The Elevator Incident.
It was the kind of building people passed by without remembering. Concrete and metal. Bland. Sixty stories tall with a name that sounded like it belonged to something else entirely. Most people didn’t notice it. Those who did didn’t ask why. It was just there.
Still, it was almost midnight when the last elevator opened on the ground floor.
She stepped in. Her badge said Maintenance. Her toolbox was heavy, clinking faintly with screws and switches. Floor forty-three, she tapped. The doors began to close.
But just before they sealed shut,
a pale hand slipped through.
The doors jolted. Opened.
He stepped in.
White hair. Neatly cut. A long wool coat. His skin like porcelain, eyes like frozen violets plucked straight from the snow. A kind smile on his face, polite and soft-spoken. She moved aside instinctively.
“Which floor?” she asked.
He smiled. “Forty-three.”
Her thumb hovered above the panel. “Already going there,” she said, trying to sound casual. A small laugh. Politeness. Civility. The doors closed.
The elevator hummed upward.
One minute passed.
Then two.
She adjusted her grip on the toolbox.
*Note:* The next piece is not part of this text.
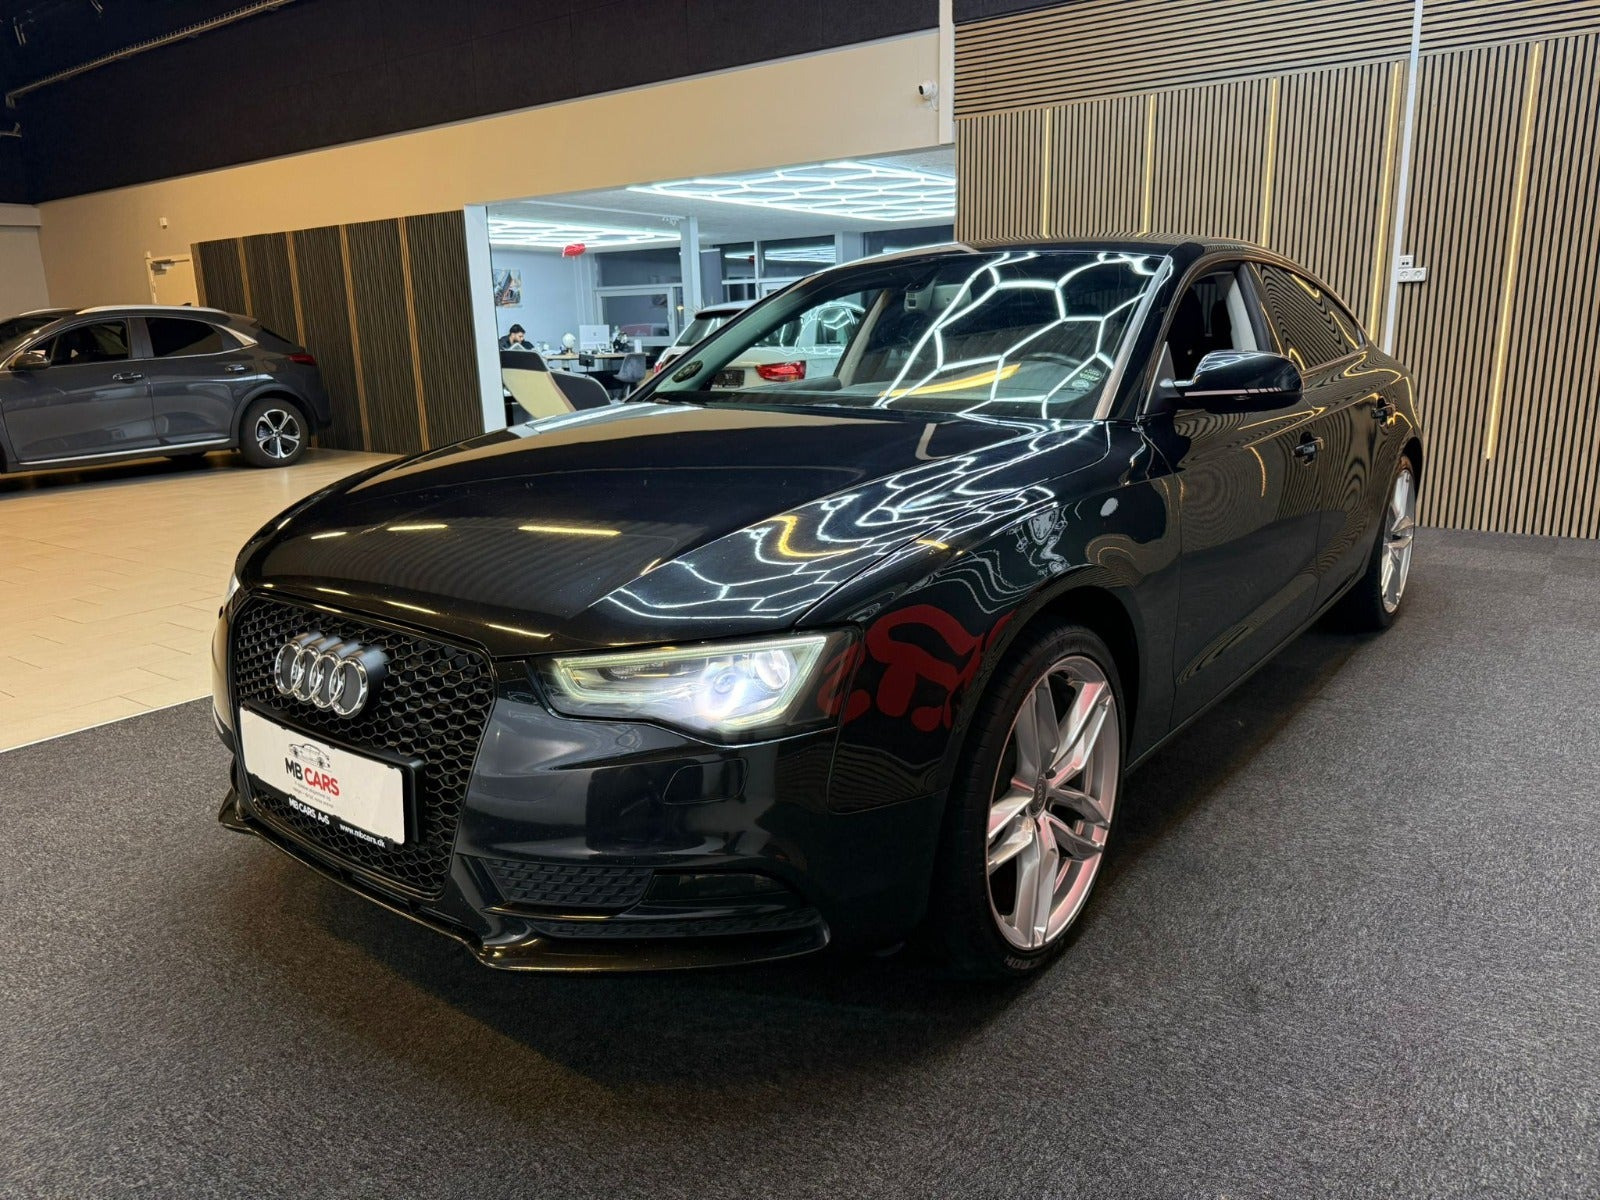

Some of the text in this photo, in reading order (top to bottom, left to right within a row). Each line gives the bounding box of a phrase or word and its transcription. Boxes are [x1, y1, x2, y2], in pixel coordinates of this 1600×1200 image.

[285, 757, 303, 781] MB
[304, 767, 340, 796] CARS
[339, 823, 386, 848] www.mbcars.dk
The metal felt heavier than before. Her hand was clammy. The lights flickered—but only once. Barely noticeable.
She didn’t look at him, but she could feel him watching. Not just glancing. Watching.
Like she was a machine he was trying to figure out how to take apart without leaving a single bolt out of place.
He spoke suddenly. “Your badge is upside down.”
She looked down.
It wasn’t.
She gave a nervous chuckle. “Is it?”
When she glanced up again, he was still smiling.
Only—
he was closer.
She hadn’t heard him move.
There was no sound. No footsteps. No shifting weight. He was just… closer.
She pressed herself subtly into the far wall, her fingers tightening on the handle of the toolbox. The elevator felt smaller now. Narrower. Like the walls were breathing.
Ding.
The number thirteen lit up.
She frowned.
No one had pressed thirteen.
The elevator stopped. The doors didn’t open.
He blinked once, very slowly. “Strange,” he murmured. “Sometimes… these machines seem to forget themselves.”
She didn’t reply. The silence settled in like fog.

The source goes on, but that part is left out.